Sifting through replies to Horse_ebooks feels the way fielding submissions to the New Yorker caption contest must — there are many, many, many variations on the same idea, and the occasional gem. (For instance, when Horse tweeted “Never suffer another ear” back in July, a string of references to Van Gogh followed.)

Just about any Horse_ebooks tweet prompts a smattering of encouraging and discouraging responses, everything from “TELL IT SISTER” to “shut your trap,” the latter of which is positively benign compared with the hostility Horse sometimes inspires.

Sure, for some people the Internet is just a place to swear into the abyss. But maybe for others, Horse hits a little too close to home.

What is it about a simple spam robot that elicits such a range of silly and serious and funny and mean and random and thoughtful and vulnerable and honest reactions?

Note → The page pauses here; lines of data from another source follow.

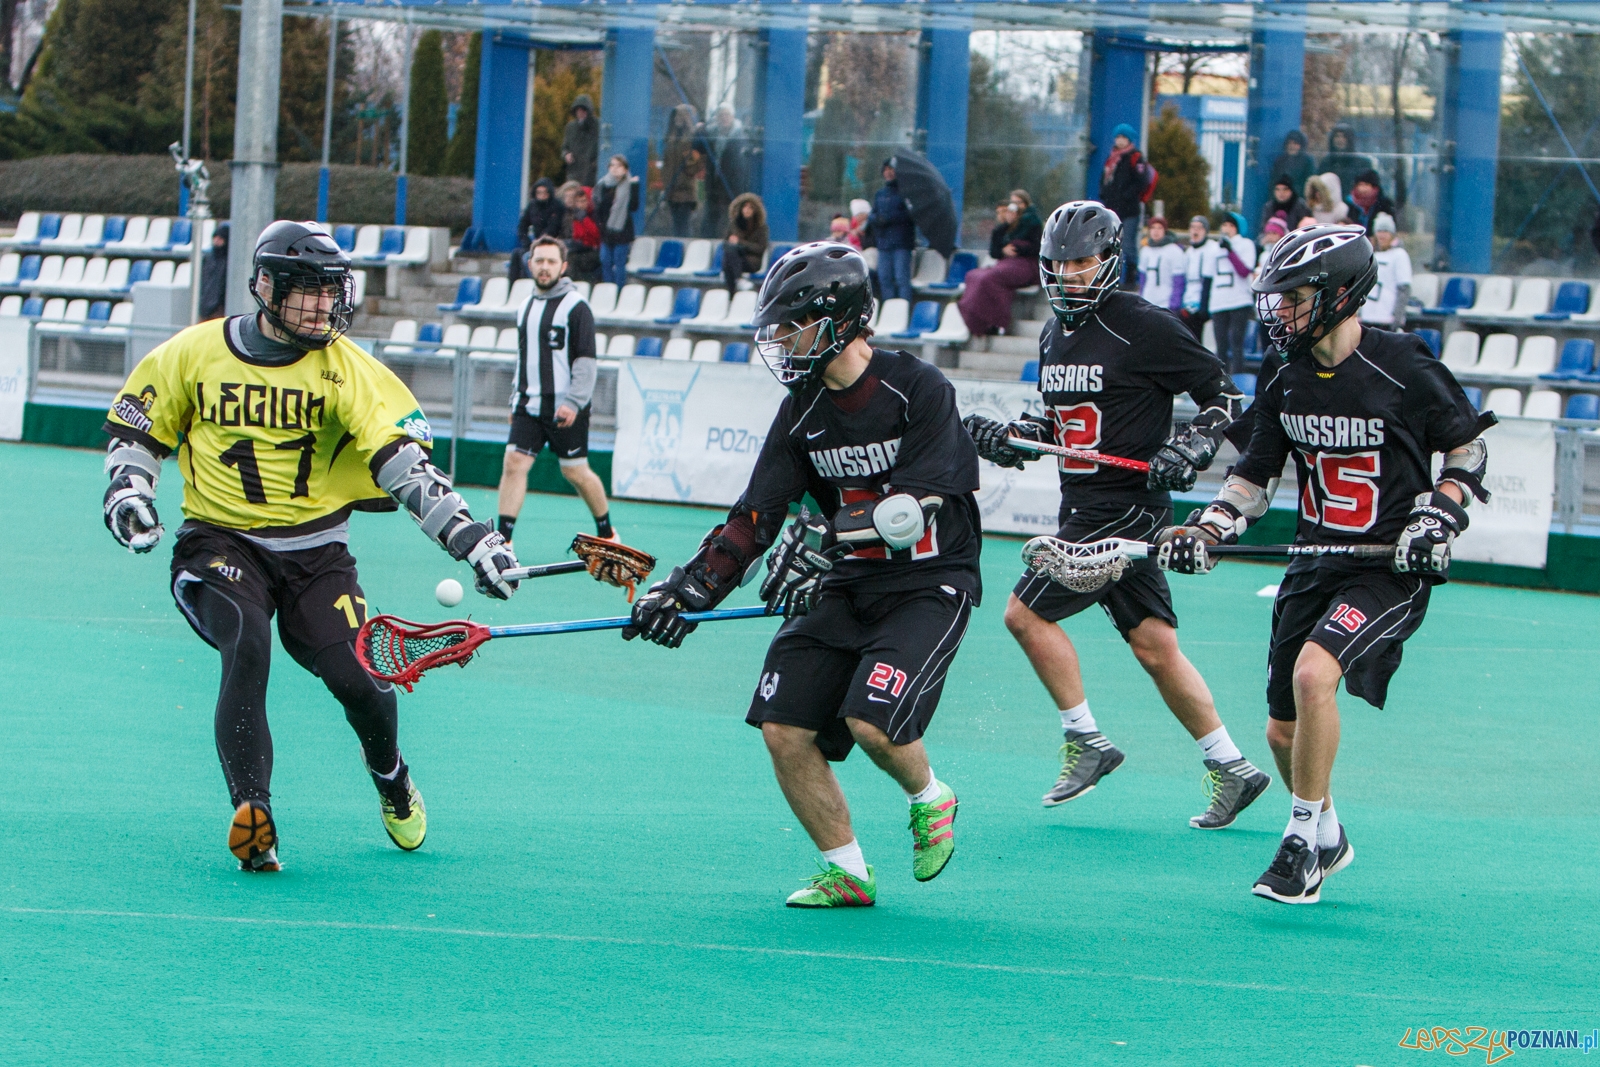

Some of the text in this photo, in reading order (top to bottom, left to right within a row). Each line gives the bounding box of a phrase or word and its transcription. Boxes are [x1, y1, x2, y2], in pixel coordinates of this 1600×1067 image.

[1041, 364, 1104, 393] USSARS
[197, 382, 326, 429] LEGION
[1279, 412, 1385, 447] HUSSARS
[218, 431, 317, 504] 17
[1295, 447, 1381, 533] 15
[1329, 603, 1368, 634] 15
[866, 662, 908, 698] 21
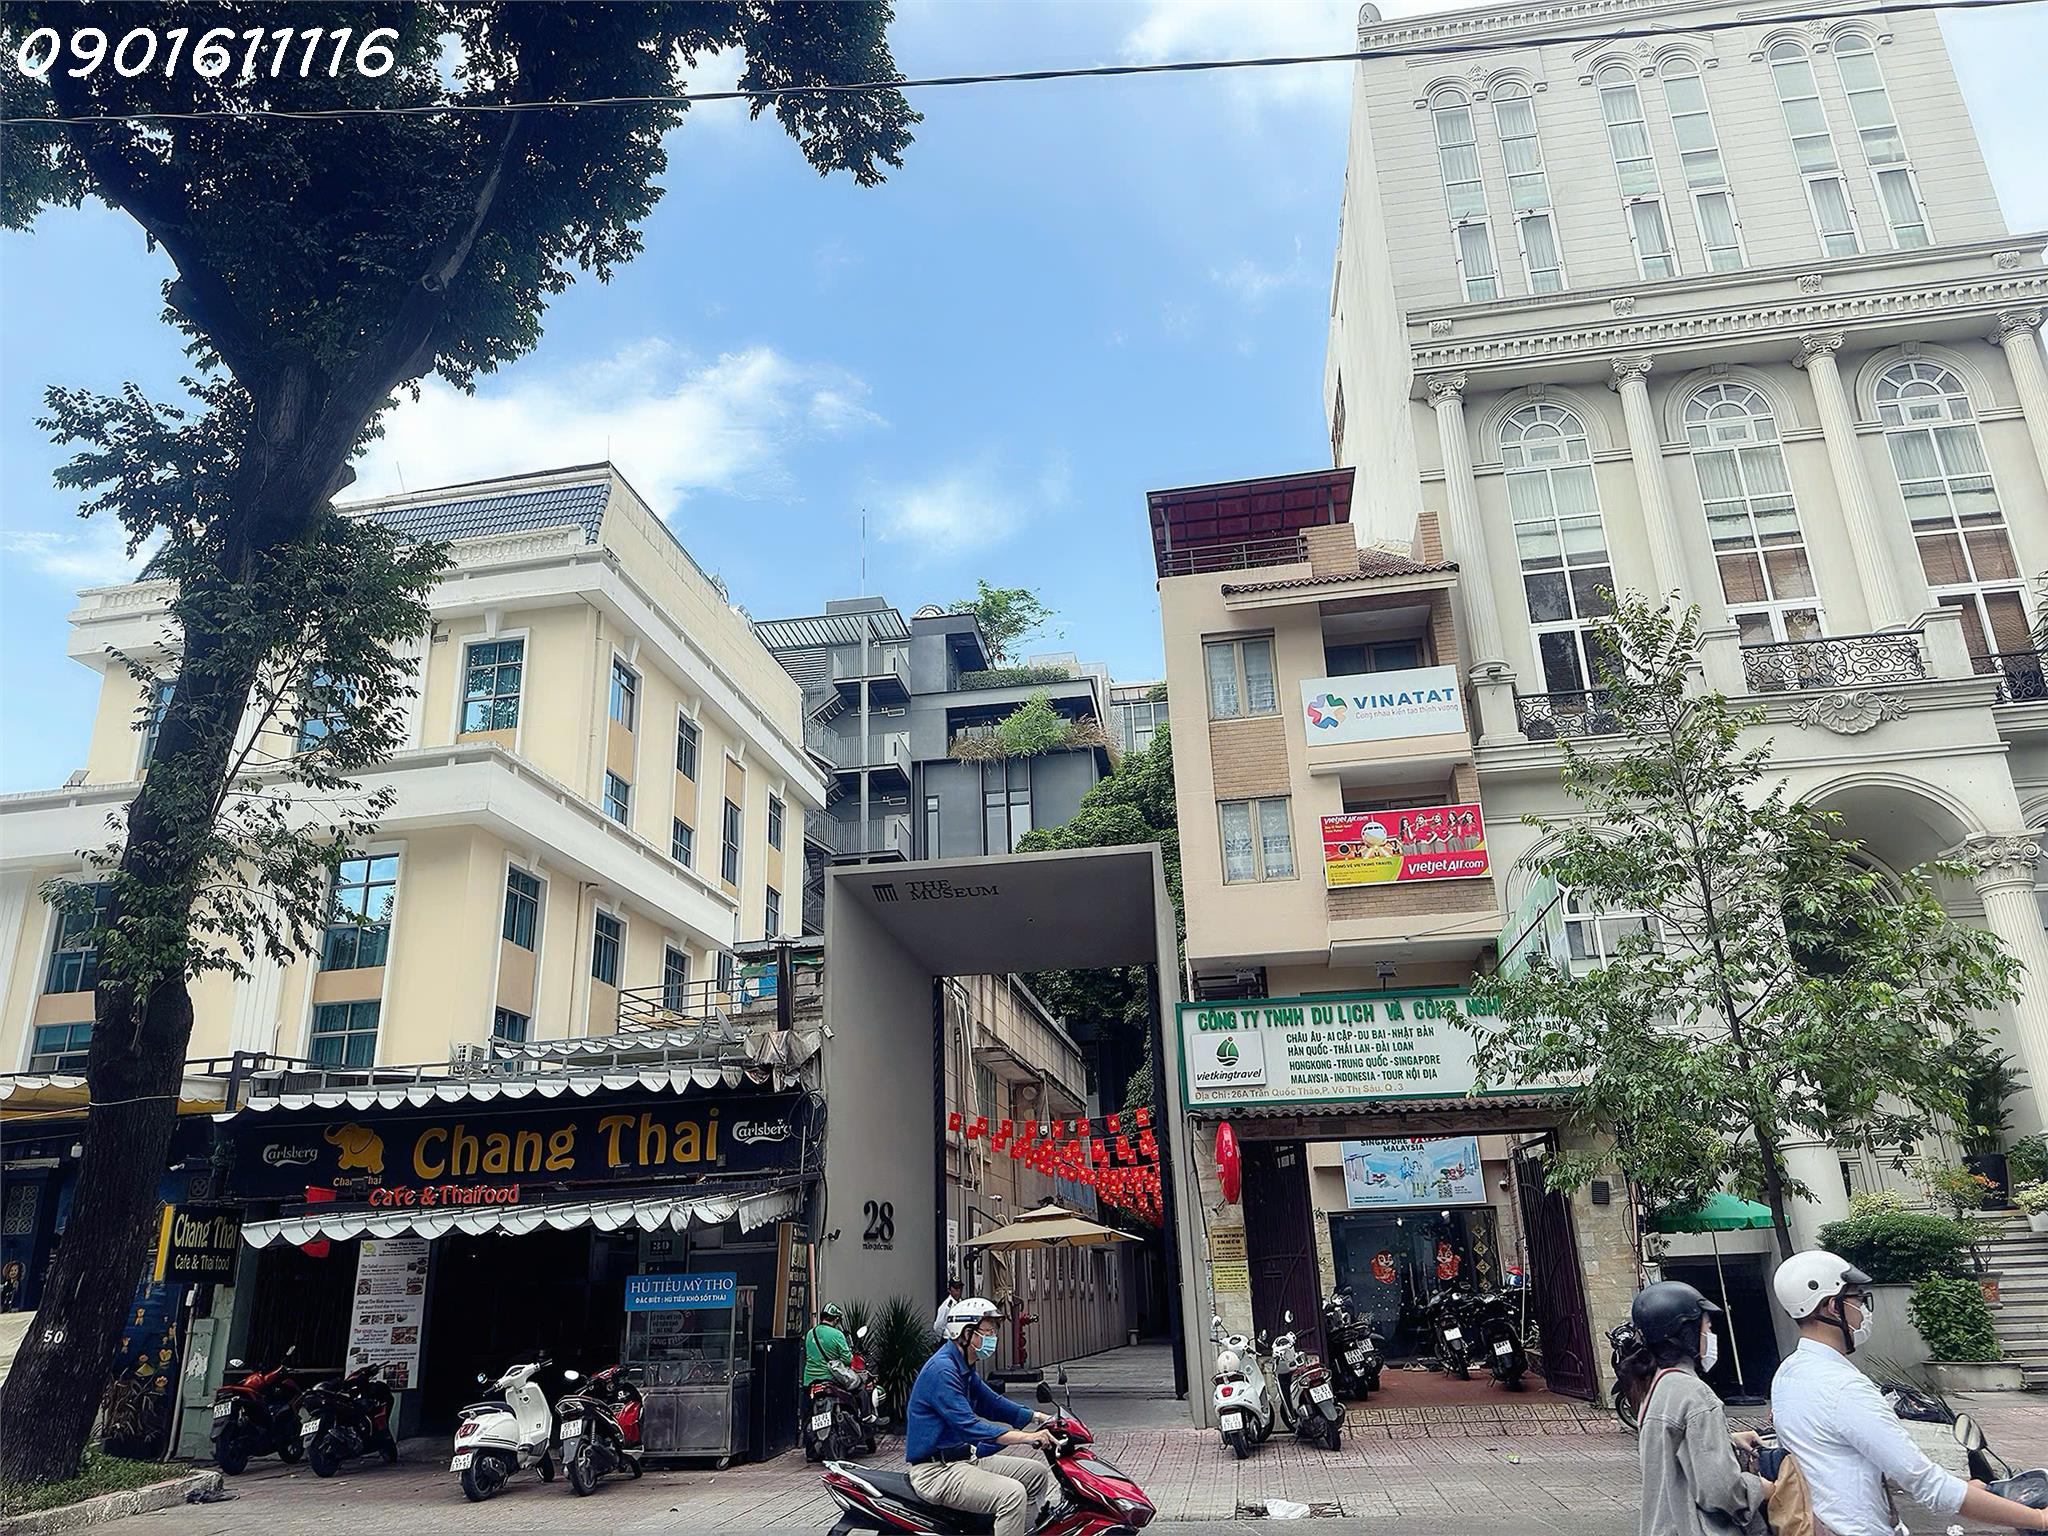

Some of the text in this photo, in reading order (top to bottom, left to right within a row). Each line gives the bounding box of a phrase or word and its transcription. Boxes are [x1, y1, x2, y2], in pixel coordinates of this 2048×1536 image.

Consider this quintessential Horse_ebooks tweet-and-response:

The predictable dashed-off replies: ALWAYS. yeah. yes. Always. Yah.

Plus this: “Yes. This is what it means to be human.”

And this: “socks plz.”

Trying to unpack Horse_ebooks is a bit like analyzing a joke. Study it too closely and the magic begins to evaporate. Of course, the account could disappear altogether at any moment.

But for now, three years and counting, Horse tweets onward.